THE PROBLEM: Every record needs to come back as written, except for the pictures.

AVAILABLE DATA:
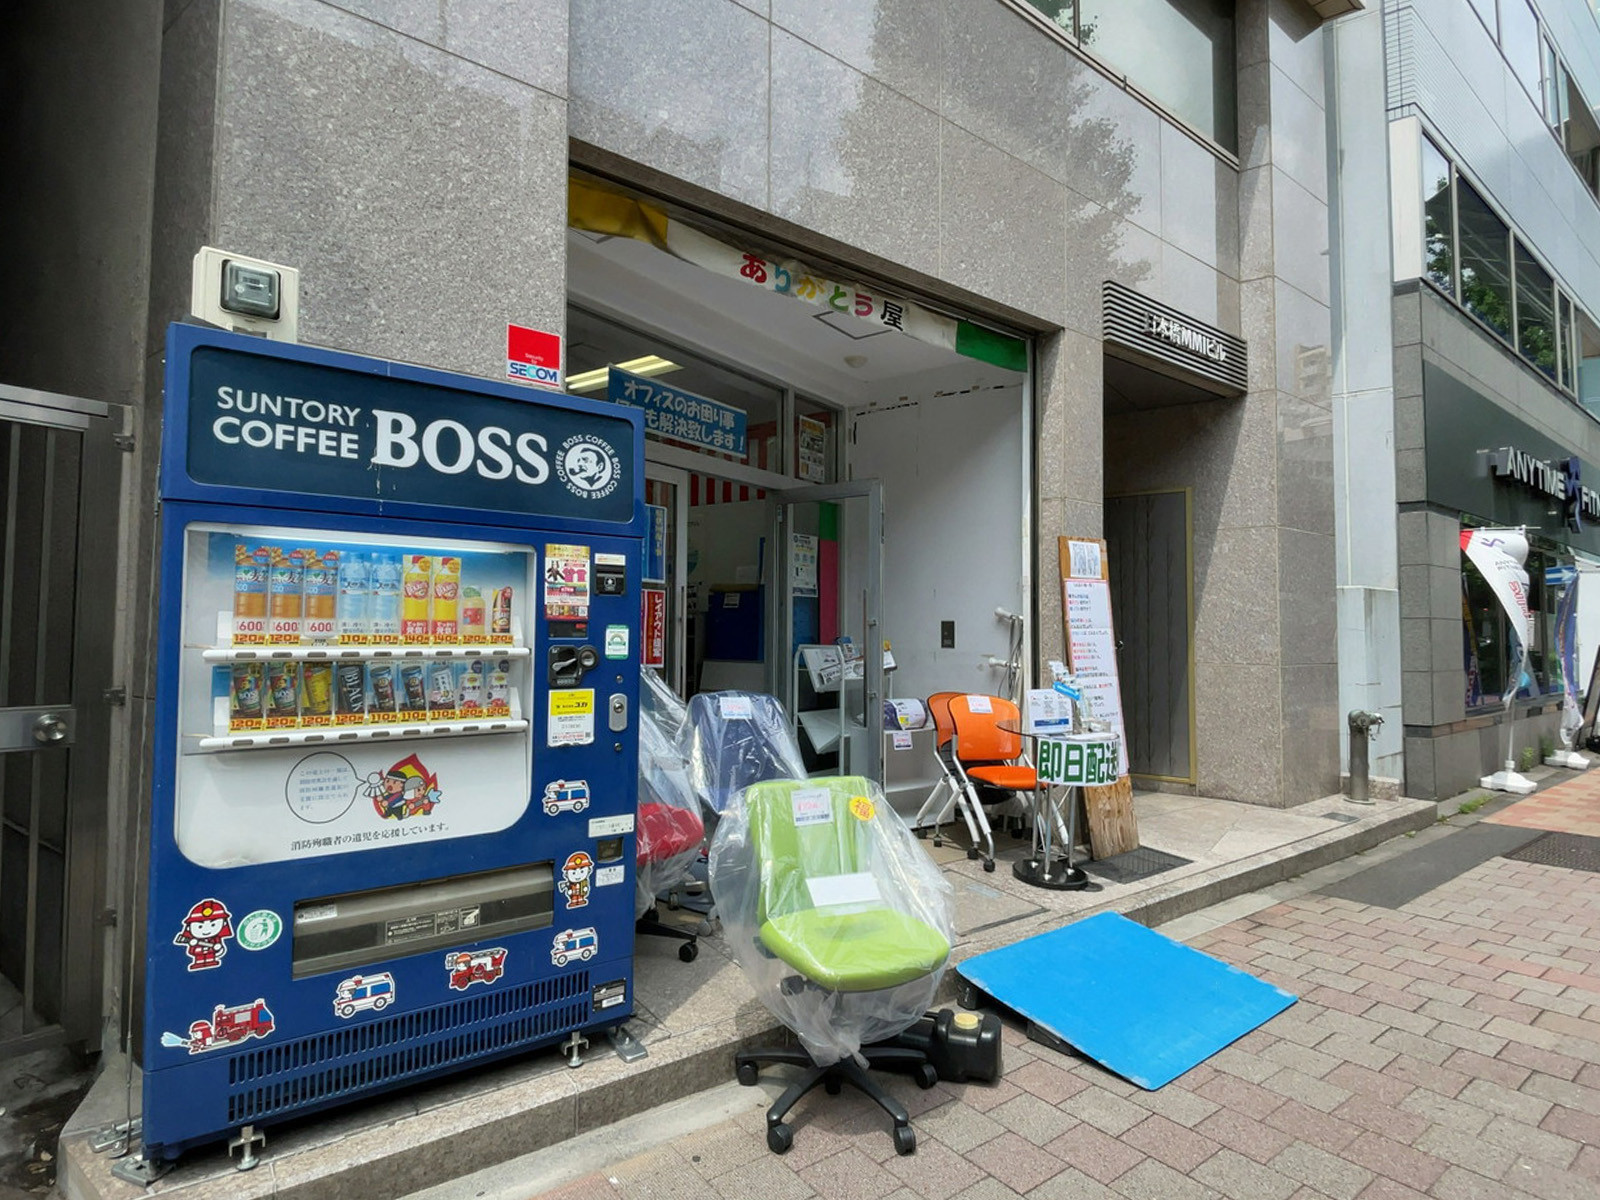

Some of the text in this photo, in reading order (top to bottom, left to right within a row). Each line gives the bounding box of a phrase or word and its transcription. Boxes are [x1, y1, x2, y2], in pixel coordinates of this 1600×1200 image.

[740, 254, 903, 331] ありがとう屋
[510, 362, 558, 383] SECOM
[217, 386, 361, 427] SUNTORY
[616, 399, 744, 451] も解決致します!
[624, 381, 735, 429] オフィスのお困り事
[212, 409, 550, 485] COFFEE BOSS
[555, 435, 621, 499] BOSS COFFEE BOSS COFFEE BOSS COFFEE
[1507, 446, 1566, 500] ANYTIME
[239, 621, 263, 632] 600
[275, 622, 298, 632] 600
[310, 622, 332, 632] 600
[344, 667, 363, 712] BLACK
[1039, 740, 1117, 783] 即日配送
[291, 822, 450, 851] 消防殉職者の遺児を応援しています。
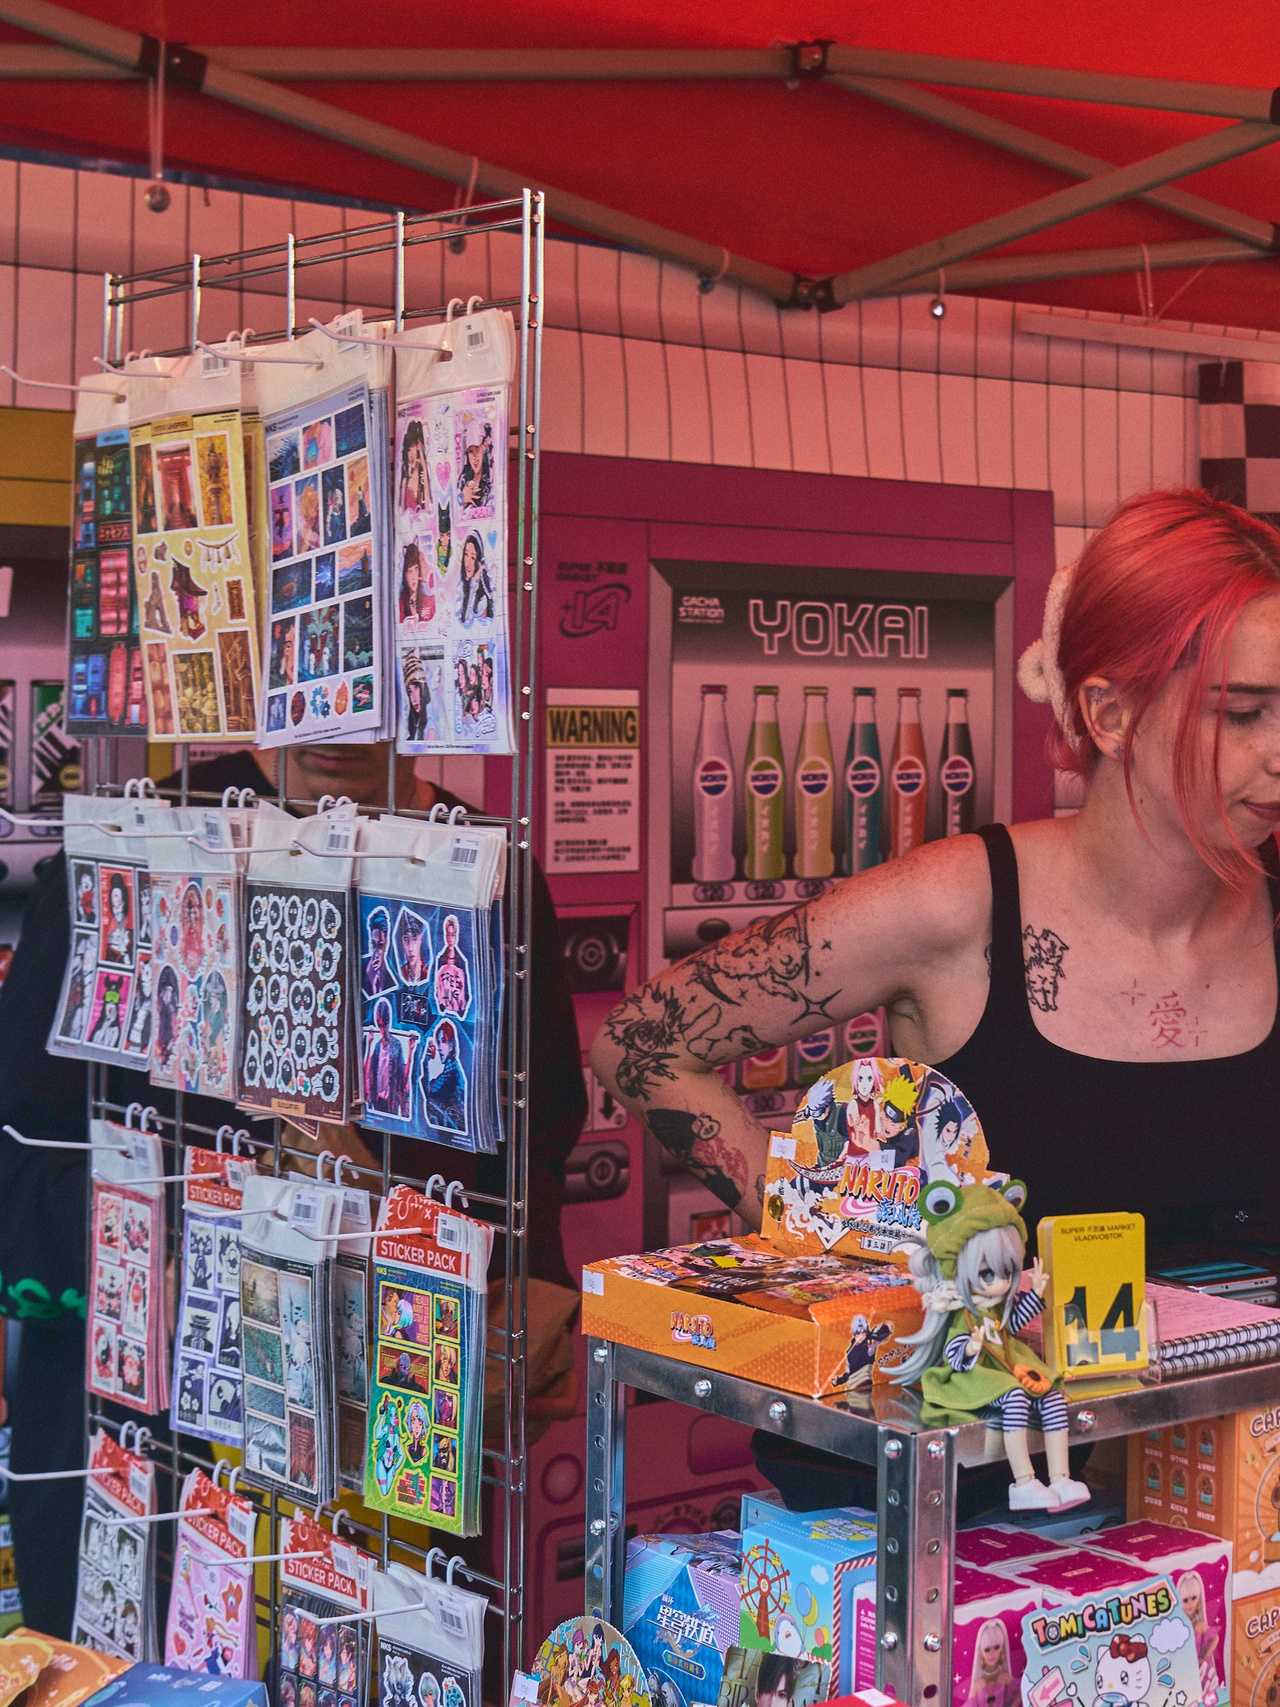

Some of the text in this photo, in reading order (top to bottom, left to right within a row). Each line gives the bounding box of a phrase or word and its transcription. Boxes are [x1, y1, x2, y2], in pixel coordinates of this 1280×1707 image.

WRITTEN ANSWER:
Some of the text in this photo, in reading order (top to bottom, left to right within a row). Each line gives the bounding box of a phrase or word and its transcription. Boxes are [x1, y1, x2, y2], in pixel coordinates of this 1600×1200 image.

[740, 254, 903, 331] ありがとう屋
[510, 362, 558, 383] SECOM
[217, 386, 361, 427] SUNTORY
[616, 399, 744, 451] も解決致します!
[624, 381, 735, 429] オフィスのお困り事
[212, 409, 550, 485] COFFEE BOSS
[555, 435, 621, 499] BOSS COFFEE BOSS COFFEE BOSS COFFEE
[1507, 446, 1566, 500] ANYTIME
[239, 621, 263, 632] 600
[275, 622, 298, 632] 600
[310, 622, 332, 632] 600
[344, 667, 363, 712] BLACK
[1039, 740, 1117, 783] 即日配送
[291, 822, 450, 851] 消防殉職者の遺児を応援しています。

Some of the text in this photo, in reading order (top to bottom, left to right within a row). Each line gives the bounding box of a phrase or word and its transcription. Boxes are [x1, y1, x2, y2], in pixel coordinates of this 1280×1707 image.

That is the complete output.